→ Records for this exercise:

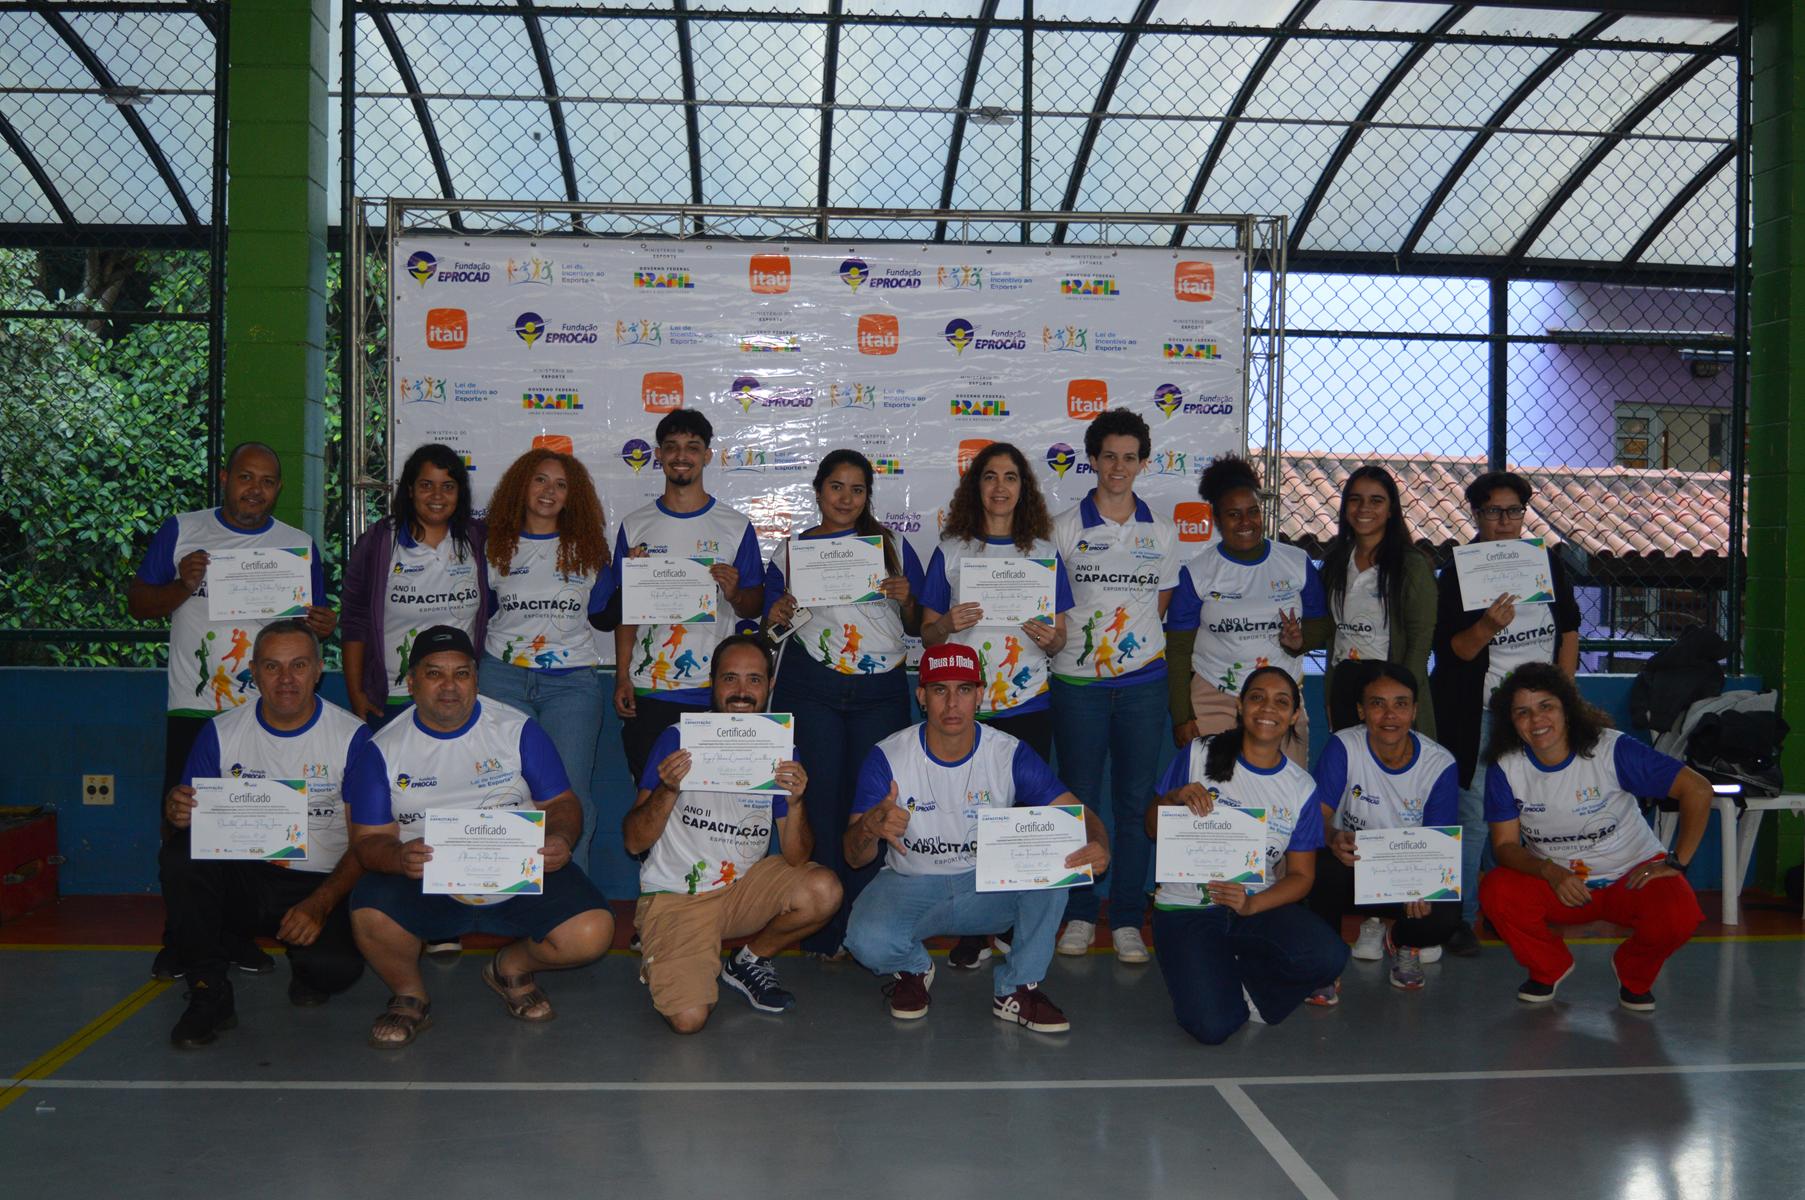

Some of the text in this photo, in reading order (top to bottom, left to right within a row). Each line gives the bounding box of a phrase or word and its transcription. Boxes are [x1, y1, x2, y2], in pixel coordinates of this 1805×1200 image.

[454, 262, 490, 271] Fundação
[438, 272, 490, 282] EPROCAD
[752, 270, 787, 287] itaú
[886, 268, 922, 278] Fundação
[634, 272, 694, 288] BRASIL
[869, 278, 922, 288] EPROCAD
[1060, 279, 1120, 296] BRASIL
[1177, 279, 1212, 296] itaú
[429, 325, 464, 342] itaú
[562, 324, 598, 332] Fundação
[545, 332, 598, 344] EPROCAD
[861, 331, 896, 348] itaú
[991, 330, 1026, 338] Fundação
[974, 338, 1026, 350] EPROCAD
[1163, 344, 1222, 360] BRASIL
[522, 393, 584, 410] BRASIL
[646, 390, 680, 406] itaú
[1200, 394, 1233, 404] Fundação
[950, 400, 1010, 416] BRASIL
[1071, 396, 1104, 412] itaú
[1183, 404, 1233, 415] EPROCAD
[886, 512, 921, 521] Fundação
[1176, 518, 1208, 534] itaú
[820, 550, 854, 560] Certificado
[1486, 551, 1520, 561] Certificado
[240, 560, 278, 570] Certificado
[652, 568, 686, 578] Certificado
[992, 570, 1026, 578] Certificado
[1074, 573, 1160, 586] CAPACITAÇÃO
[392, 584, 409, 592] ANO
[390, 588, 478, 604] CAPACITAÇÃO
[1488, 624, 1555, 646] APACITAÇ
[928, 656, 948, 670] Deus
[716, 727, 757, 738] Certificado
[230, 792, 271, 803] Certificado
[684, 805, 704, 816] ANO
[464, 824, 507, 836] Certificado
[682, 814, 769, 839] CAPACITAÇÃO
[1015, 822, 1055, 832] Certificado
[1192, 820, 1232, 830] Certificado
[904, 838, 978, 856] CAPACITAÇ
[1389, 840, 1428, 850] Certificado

→ What is needed: What you give back must match the material above exactly, minus its pictures.

→ Output for this task:
Some of the text in this photo, in reading order (top to bottom, left to right within a row). Each line gives the bounding box of a phrase or word and its transcription. Boxes are [x1, y1, x2, y2], in pixel coordinates of this 1805×1200 image.

[454, 262, 490, 271] Fundação
[438, 272, 490, 282] EPROCAD
[752, 270, 787, 287] itaú
[886, 268, 922, 278] Fundação
[634, 272, 694, 288] BRASIL
[869, 278, 922, 288] EPROCAD
[1060, 279, 1120, 296] BRASIL
[1177, 279, 1212, 296] itaú
[429, 325, 464, 342] itaú
[562, 324, 598, 332] Fundação
[545, 332, 598, 344] EPROCAD
[861, 331, 896, 348] itaú
[991, 330, 1026, 338] Fundação
[974, 338, 1026, 350] EPROCAD
[1163, 344, 1222, 360] BRASIL
[522, 393, 584, 410] BRASIL
[646, 390, 680, 406] itaú
[1200, 394, 1233, 404] Fundação
[950, 400, 1010, 416] BRASIL
[1071, 396, 1104, 412] itaú
[1183, 404, 1233, 415] EPROCAD
[886, 512, 921, 521] Fundação
[1176, 518, 1208, 534] itaú
[820, 550, 854, 560] Certificado
[1486, 551, 1520, 561] Certificado
[240, 560, 278, 570] Certificado
[652, 568, 686, 578] Certificado
[992, 570, 1026, 578] Certificado
[1074, 573, 1160, 586] CAPACITAÇÃO
[392, 584, 409, 592] ANO
[390, 588, 478, 604] CAPACITAÇÃO
[1488, 624, 1555, 646] APACITAÇ
[928, 656, 948, 670] Deus
[716, 727, 757, 738] Certificado
[230, 792, 271, 803] Certificado
[684, 805, 704, 816] ANO
[464, 824, 507, 836] Certificado
[682, 814, 769, 839] CAPACITAÇÃO
[1015, 822, 1055, 832] Certificado
[1192, 820, 1232, 830] Certificado
[904, 838, 978, 856] CAPACITAÇ
[1389, 840, 1428, 850] Certificado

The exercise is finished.